И у нее было еще много всего, что переполняло его обожанием. Ее руки и то, как она их держала, бессознательно. И все же ее пальцы никогда не располагались относительно друг друга иначе, чем гармонично, как бы они ни двигались и на чем бы ни покоились. Боже мой, подумал он, ее руки прекрасны. Каждый слог, что слетал с ее уст, то, как она произносила каждое слово, тембр ее голоса. Ее изящество, когда она двигалась или когда была неподвижна. Даже несколько морщинок на ее юбке. Линии ее шеи, то, как она поднималась из плеч. Ее грудь, на которую он едва осмеливался взглянуть, но все же взглянул. А за всем этим, далеко за пределами этого, наивысшее удовольствие ему доставляло предвидение того удивления, восторга, зачарованности, гнева и любви, которыми она будет встречать все, с чем ей предстояло сталкиваться всю оставшуюся жизнь. Он хотел выслушать ее историю, узнать эту женщину до мельчайших подробностей и увидеть ее всю целиком издалека, а также посмотреть на мир глазами, которые теперь держали его в плену.

Этот беспричинный жар охлаждался только случайными всплесками его страхов, что он предполагает слишком многое и двигается слишком быстро, или что она обручена и будет хранить верность, или что если она откажется от кого-то другого, то когда-нибудь оставит и его. Но каждая тревожная мысль перевешивалась самим мгновением, порождавшим нечаянную благодать, в которой даже их молчание было совершенным и не нуждалось в словах.

– Я понятия не имею, – сказал он, – сколько вам лет, чем вы занимаетесь и где вы живете. У меня такое впечатление, что вы каким-то образом занимаетесь всем на свете и живете на пароме, который ходит на Статен-Айленд и обратно.

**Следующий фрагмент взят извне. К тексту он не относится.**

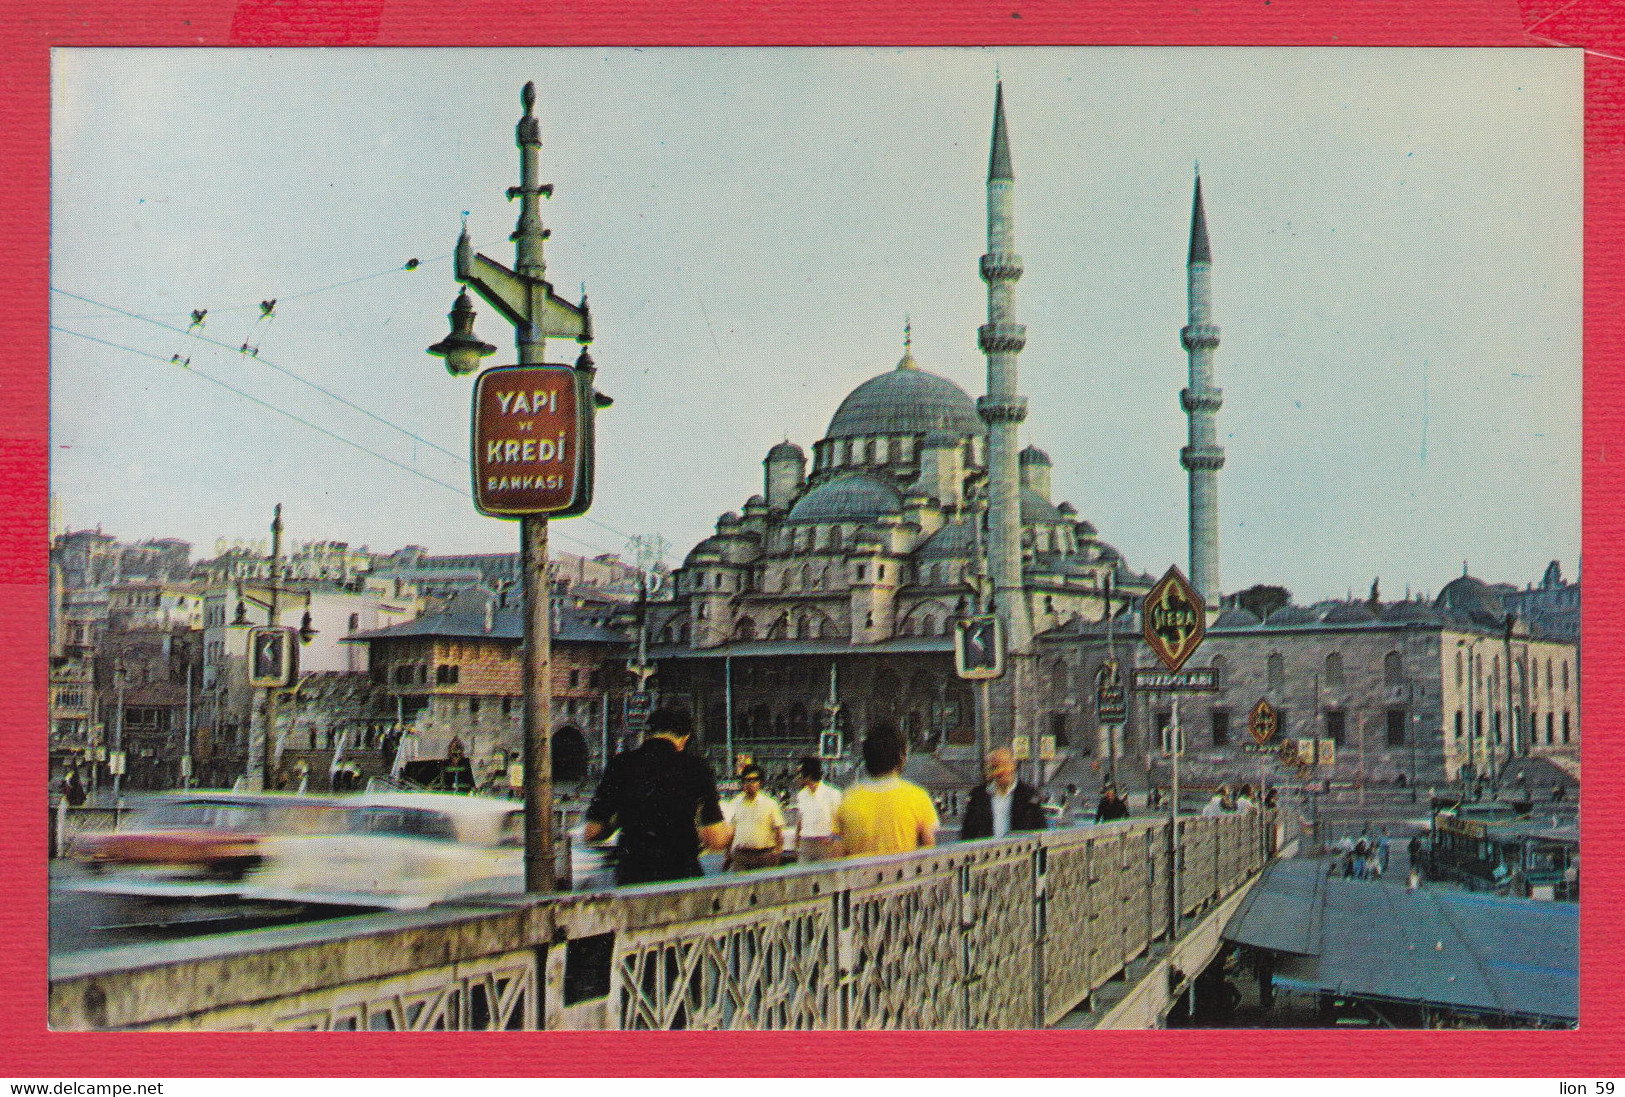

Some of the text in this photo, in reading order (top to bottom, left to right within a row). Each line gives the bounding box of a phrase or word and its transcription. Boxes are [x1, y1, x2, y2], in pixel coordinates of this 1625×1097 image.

[496, 390, 557, 413] YAPI
[487, 431, 566, 463] KREDİ
[488, 475, 564, 491] BANKASI
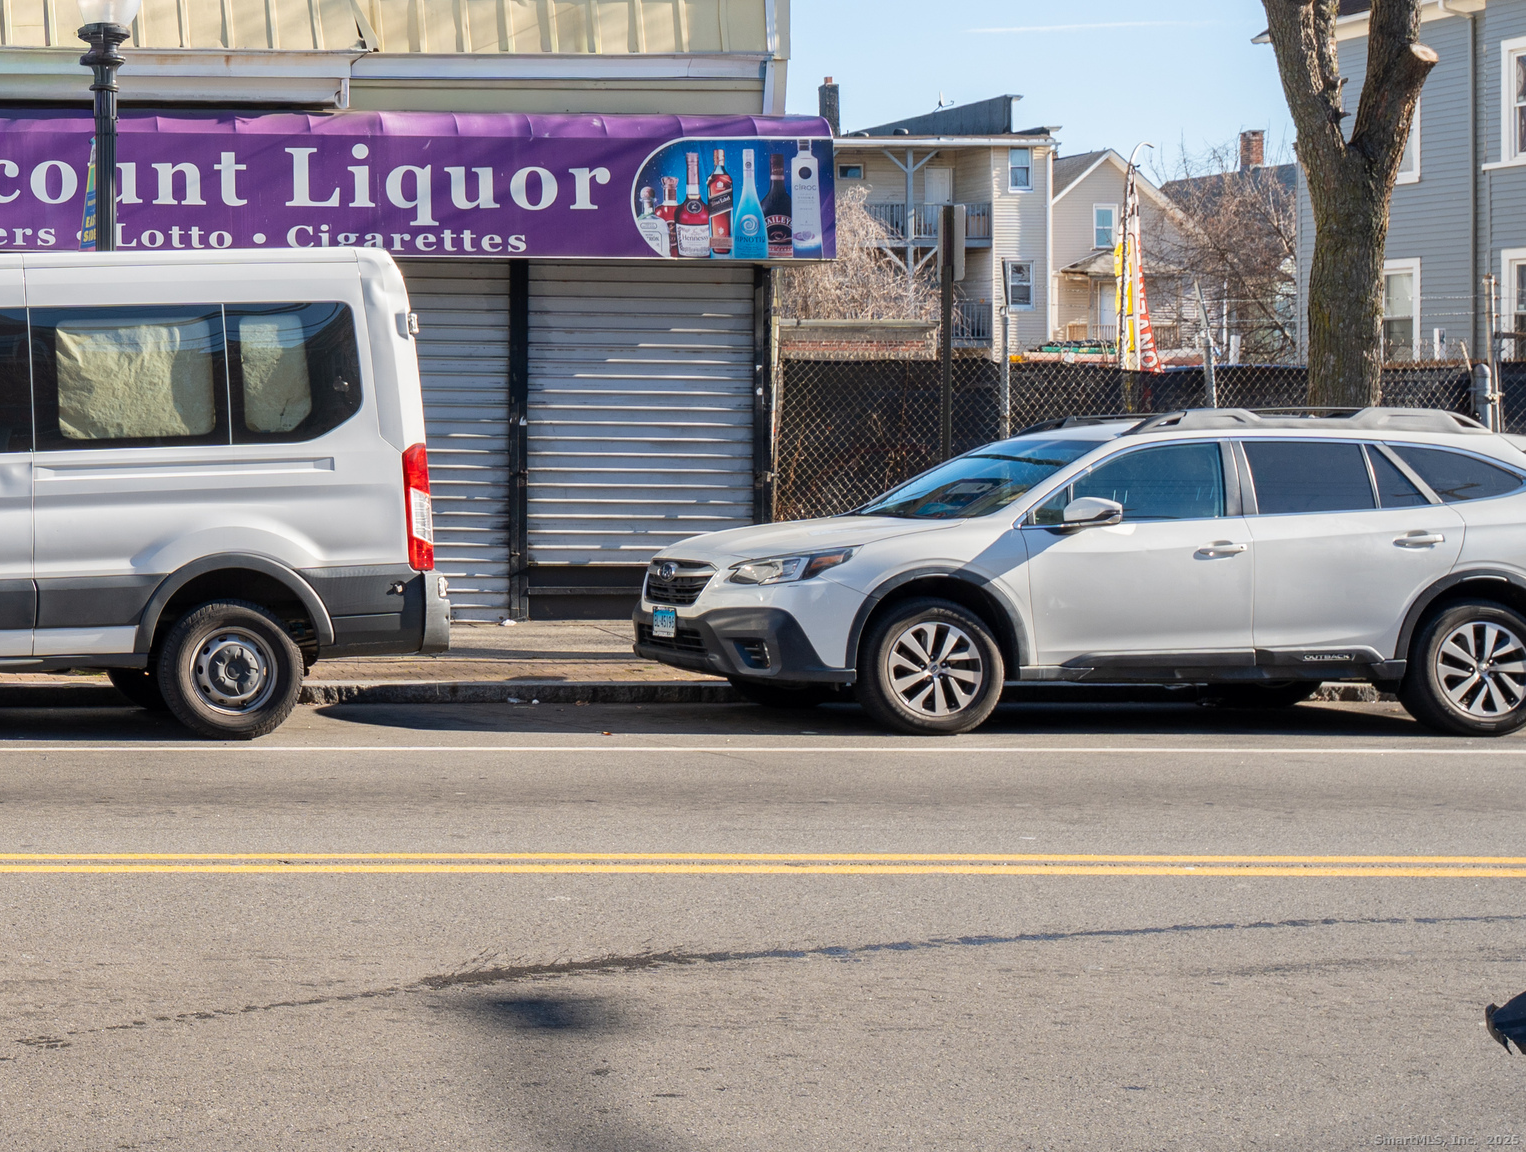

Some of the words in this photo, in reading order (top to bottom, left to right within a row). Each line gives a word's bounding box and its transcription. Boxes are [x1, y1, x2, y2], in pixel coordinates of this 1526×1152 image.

[284, 143, 611, 226] Liquor
[116, 223, 233, 249] Lotto
[286, 224, 527, 252] Cigarettes
[682, 234, 709, 242] Hennessy
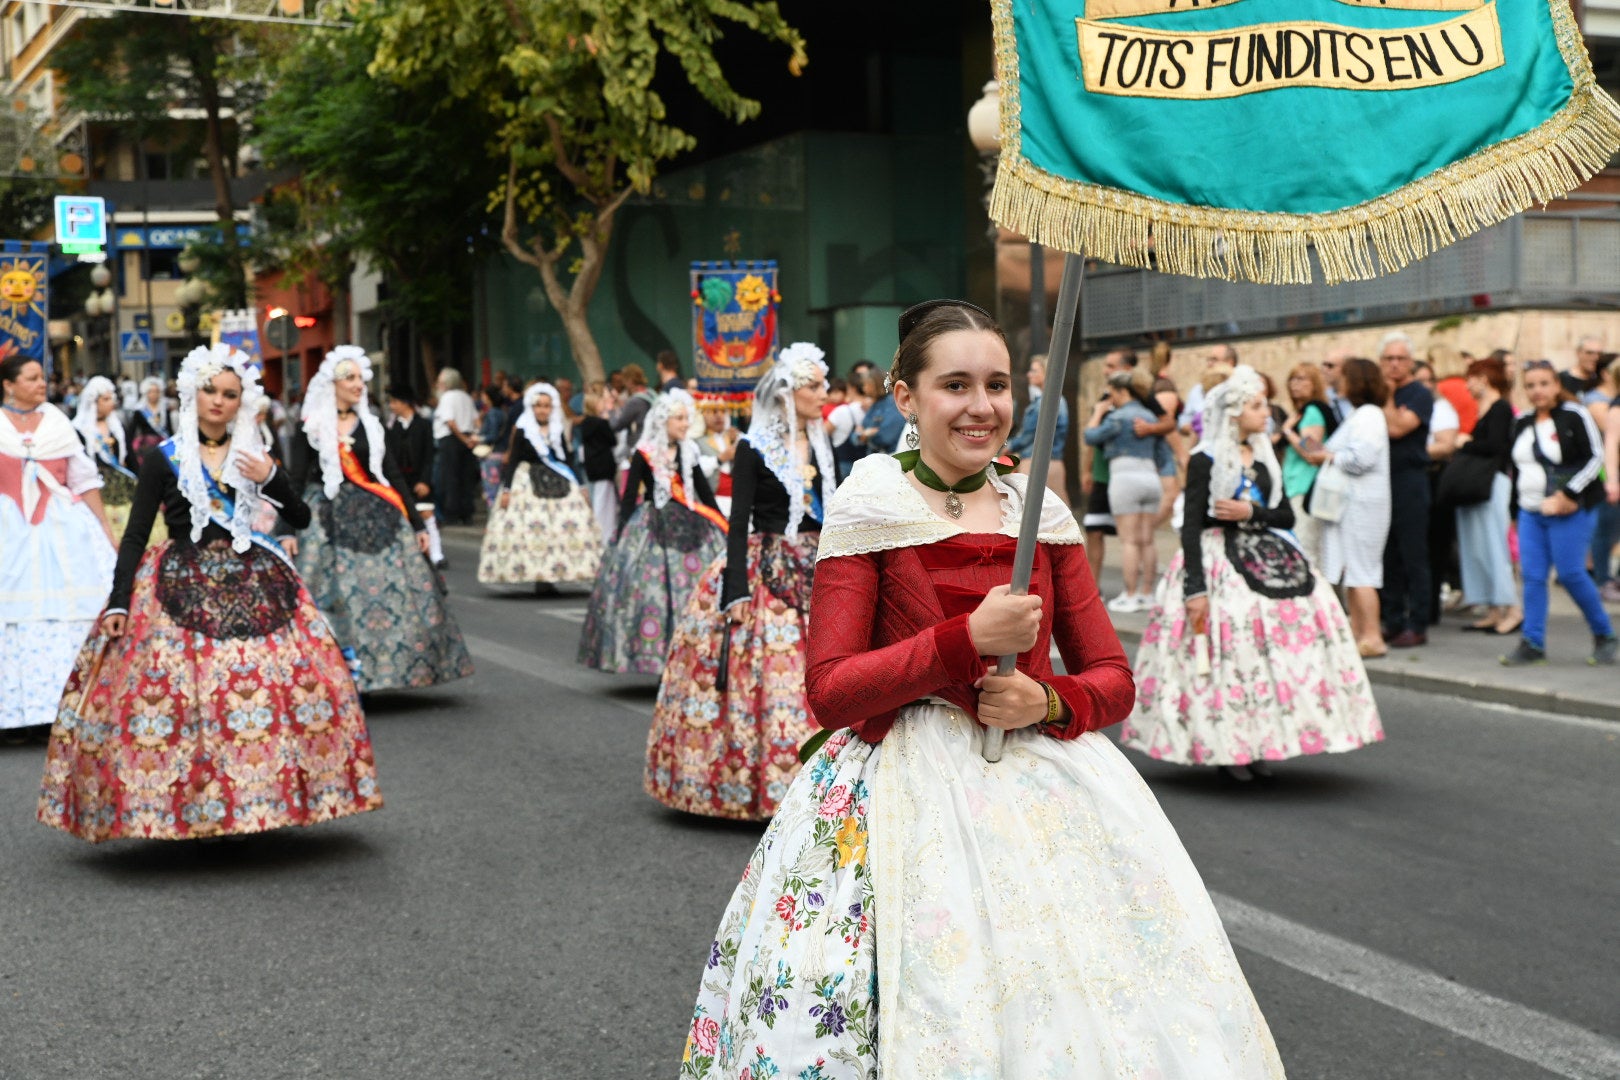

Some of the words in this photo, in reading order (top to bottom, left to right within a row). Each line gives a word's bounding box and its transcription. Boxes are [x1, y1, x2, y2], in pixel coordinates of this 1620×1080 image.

[1098, 32, 1194, 89] TOTS
[1206, 29, 1375, 91] FUNDITS
[1379, 32, 1444, 82] EN
[1440, 24, 1484, 66] U
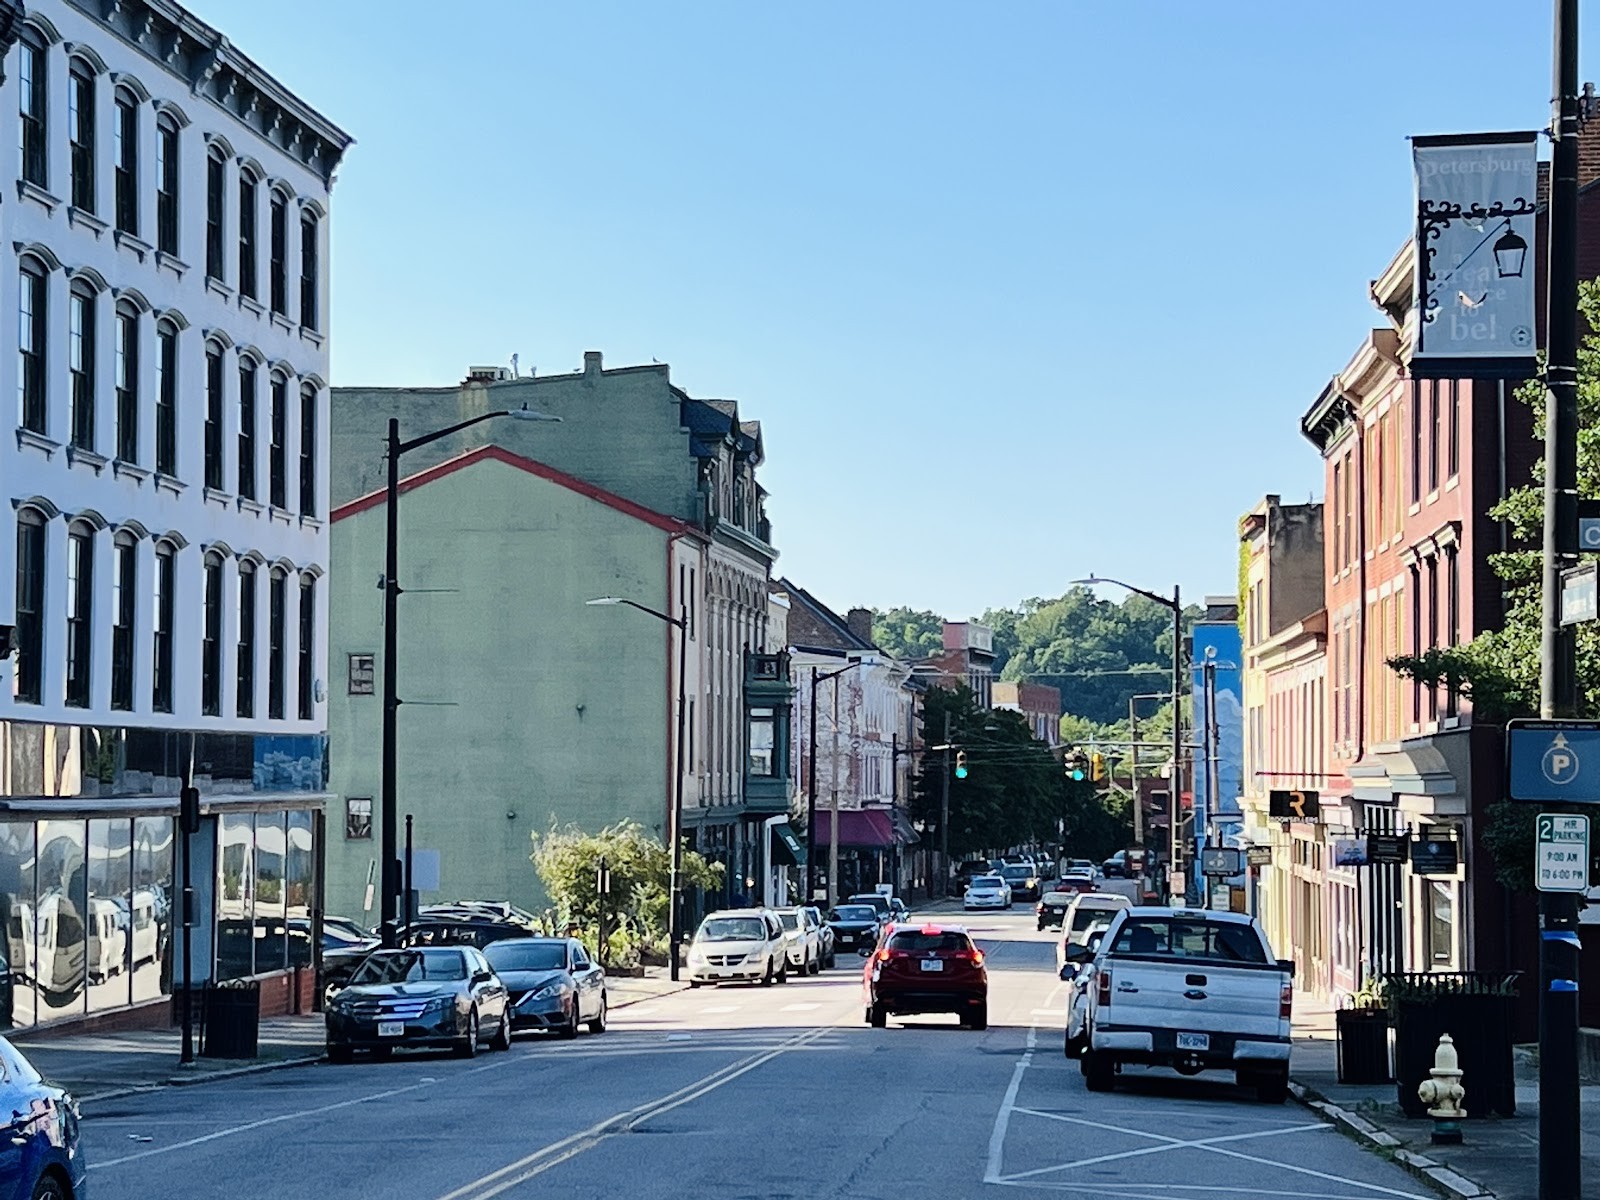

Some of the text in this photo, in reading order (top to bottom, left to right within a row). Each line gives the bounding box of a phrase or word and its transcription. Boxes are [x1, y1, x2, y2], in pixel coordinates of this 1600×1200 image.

Так что не знаю, с чего начать.

– Начать что? – спросила она, сдерживая свою суровость, но давая ее почувствовать в ответ на то, что он переступил черту.

– Разговор, – ответил он, с трудом выкручиваясь.

Они продолжали мчаться над водой к Манхэттену, и она сказала:

– Могу сообщить, что не предполагала ни вернуться сегодня в город, ни опять вас увидеть.

Он был поражен.

– Вы видели меня раньше?

– Видела. Вы быстро обходили палубы. Я подумала, что вы кого-то преследуете. Вы полицейский? За кем вы гнались?

Он ничего не сказал и лишь слегка улыбнулся, изобличая собственную вину.

– О, – сказала она. – Так-так. В этом случае могу признаться, что я бросила газету в урну рядом с вами, чтобы вас разбудить. Я ее не дочитала.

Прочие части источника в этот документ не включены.